In 2012, Moran appeared in the documentary After Porn Ends, which examined the lives of former pornographic actors.

In 2013, Moran worked for Treasures, a 501(c)3 nonprofit founded in 2003 by a former dancer to help women heal from what she calls "sexual brokenness." As of 2020, Moran is represented by her friend, and bridesmaid, Emily Hibard. The two met in Los Angeles while volunteering at Treasures. Moran is a presenter at the National Center on Sexual Exploitation's Annual Summit.

===Mainstream film career===
Prior to her retirement from the porn industry, Moran had a role as "Tree Girl #1" in Nick Palumbo's theatrically released NC-17 horror film Murder-Set-Pieces (2004).

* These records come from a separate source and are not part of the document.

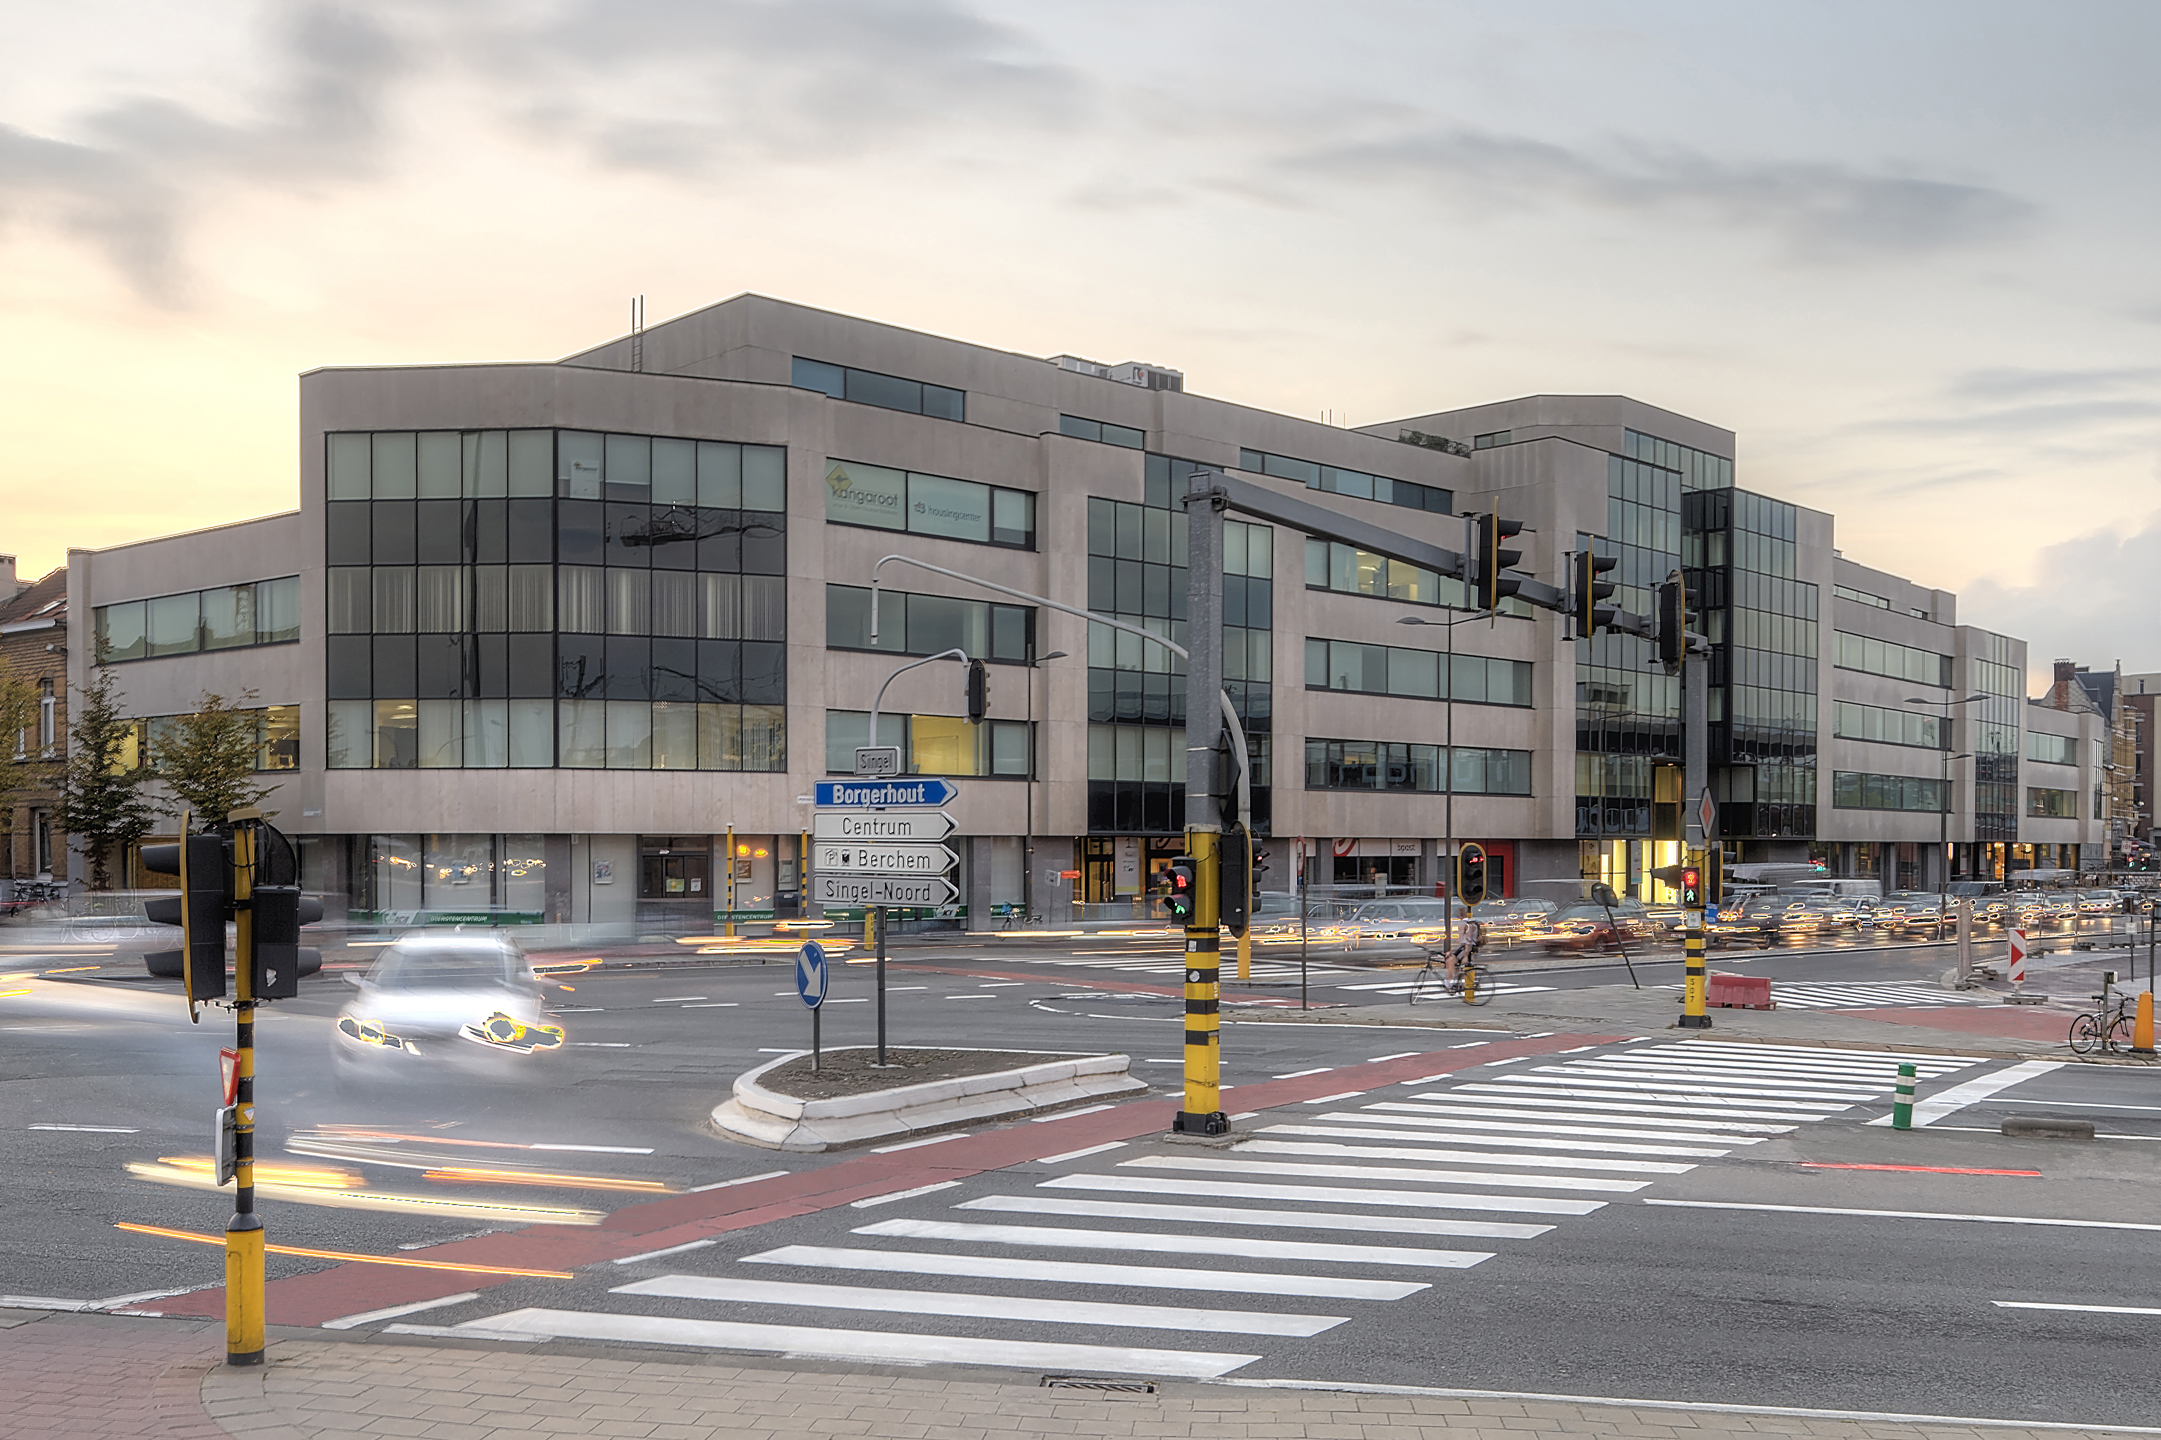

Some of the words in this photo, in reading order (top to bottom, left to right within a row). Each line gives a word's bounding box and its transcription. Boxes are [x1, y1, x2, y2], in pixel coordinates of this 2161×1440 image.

[860, 752, 893, 772] Singel
[833, 783, 925, 807] Borgerhout
[842, 817, 912, 835] Centrum
[859, 849, 930, 869] Berchem
[826, 880, 931, 903] Singel-Noord

In 2008, Moran appeared in the short dramatic film Oversold, which was a modern adaptation based on the Biblical story of Hosea and Gomer, in which she plays the leading role. Director Paul Morrell had approached Moran, originally wishing her to be a consultant for the adult business side of the story, but after discussing the project with her, he realized she would be perfect in the lead role.

In 2011, Moran had a minor role in another Paul Morell project, the indie horror film Filth to Ashes, Flesh to Dust.

===Appearances===
Moran was featured in a The 700 Club interview about her life, experience in the adult industry, and her religious experiences.

==Personal life==
Moran has stated that she had a religious upbringing and she was encouraged by her father to not have sex until marriage. She stated that the end of her parents' marriage when she was a child resulted in her being a "rebellious teenager".